─── Raw data
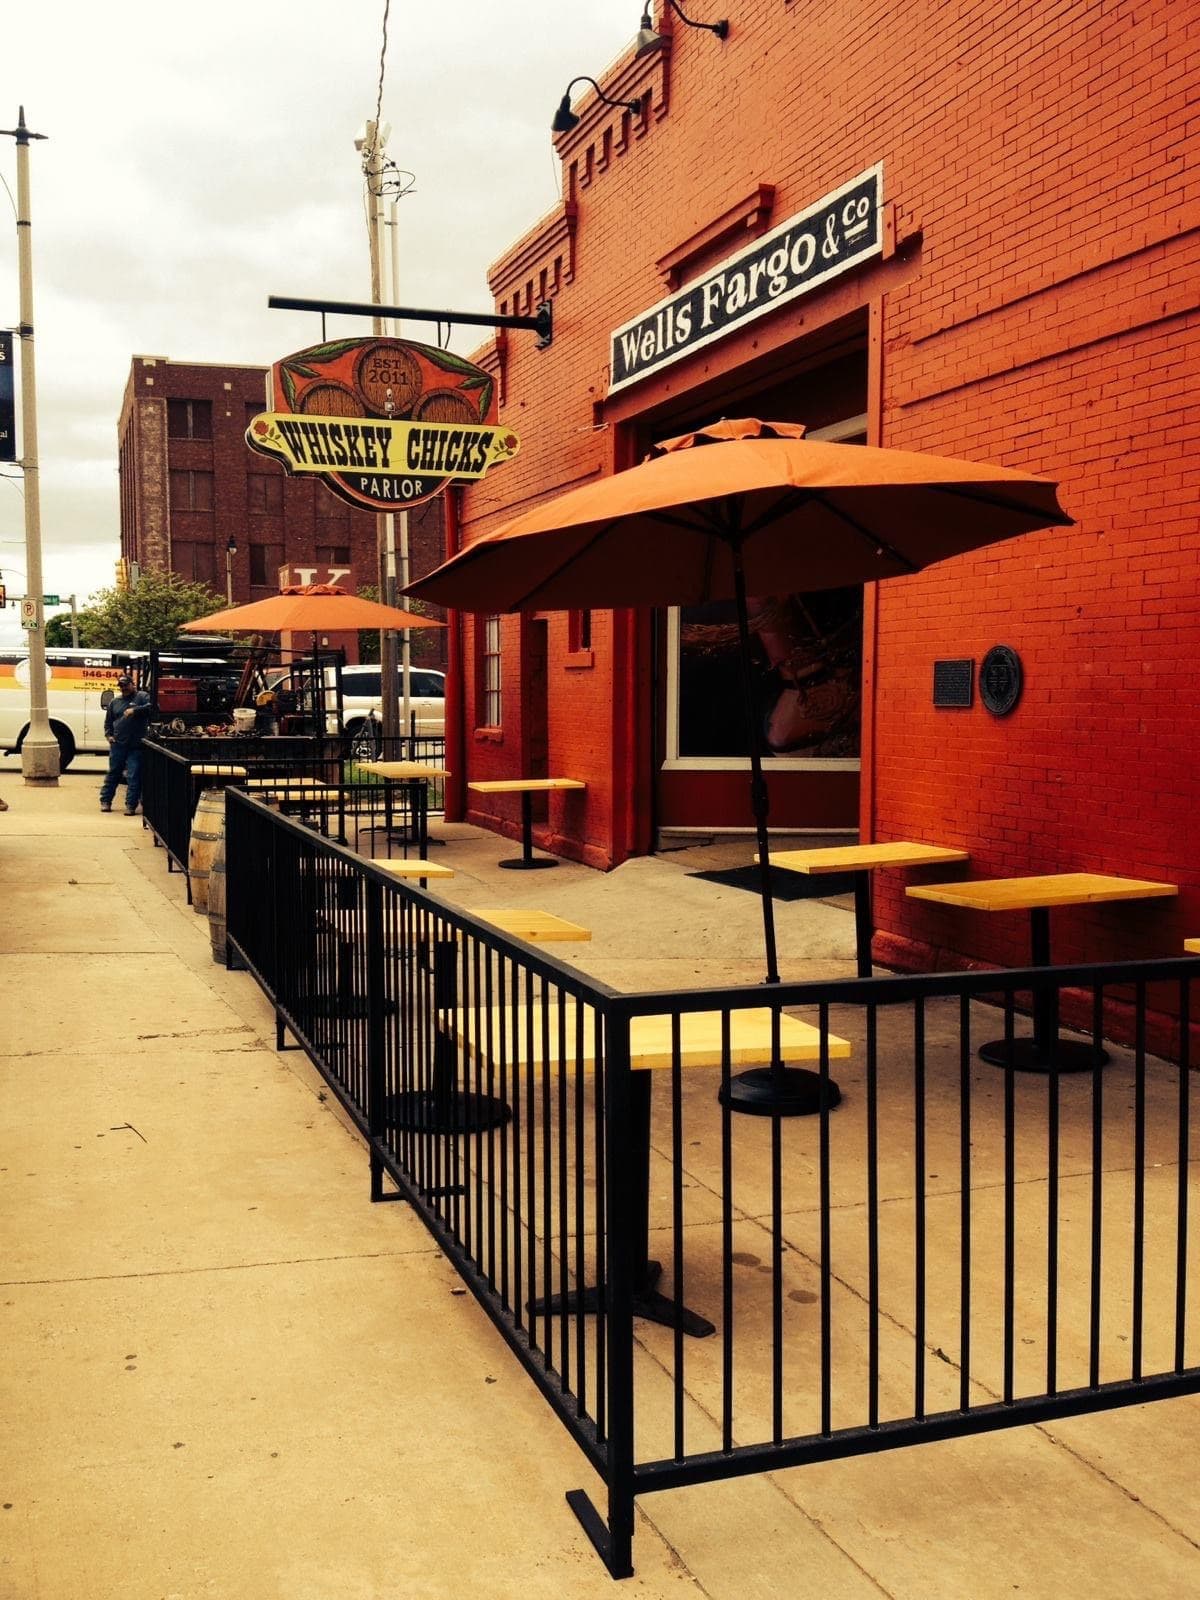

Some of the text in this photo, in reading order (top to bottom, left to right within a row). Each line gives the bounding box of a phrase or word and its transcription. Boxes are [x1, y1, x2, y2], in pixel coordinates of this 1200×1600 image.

[621, 301, 692, 372] Wells
[700, 233, 816, 329] Fargo
[822, 213, 840, 259] &
[373, 358, 402, 370] EST
[369, 369, 410, 385] 2011
[275, 420, 494, 473] WHISKEY CHICKS
[360, 477, 423, 499] PARLOR
──────
# Instructions to follow
Pictures stay out; the entries above are to be output exactly as given.

# Completed task
Some of the text in this photo, in reading order (top to bottom, left to right within a row). Each line gives the bounding box of a phrase or word and its transcription. Boxes are [x1, y1, x2, y2], in pixel coordinates of this 1200×1600 image.

[621, 301, 692, 372] Wells
[700, 233, 816, 329] Fargo
[822, 213, 840, 259] &
[373, 358, 402, 370] EST
[369, 369, 410, 385] 2011
[275, 420, 494, 473] WHISKEY CHICKS
[360, 477, 423, 499] PARLOR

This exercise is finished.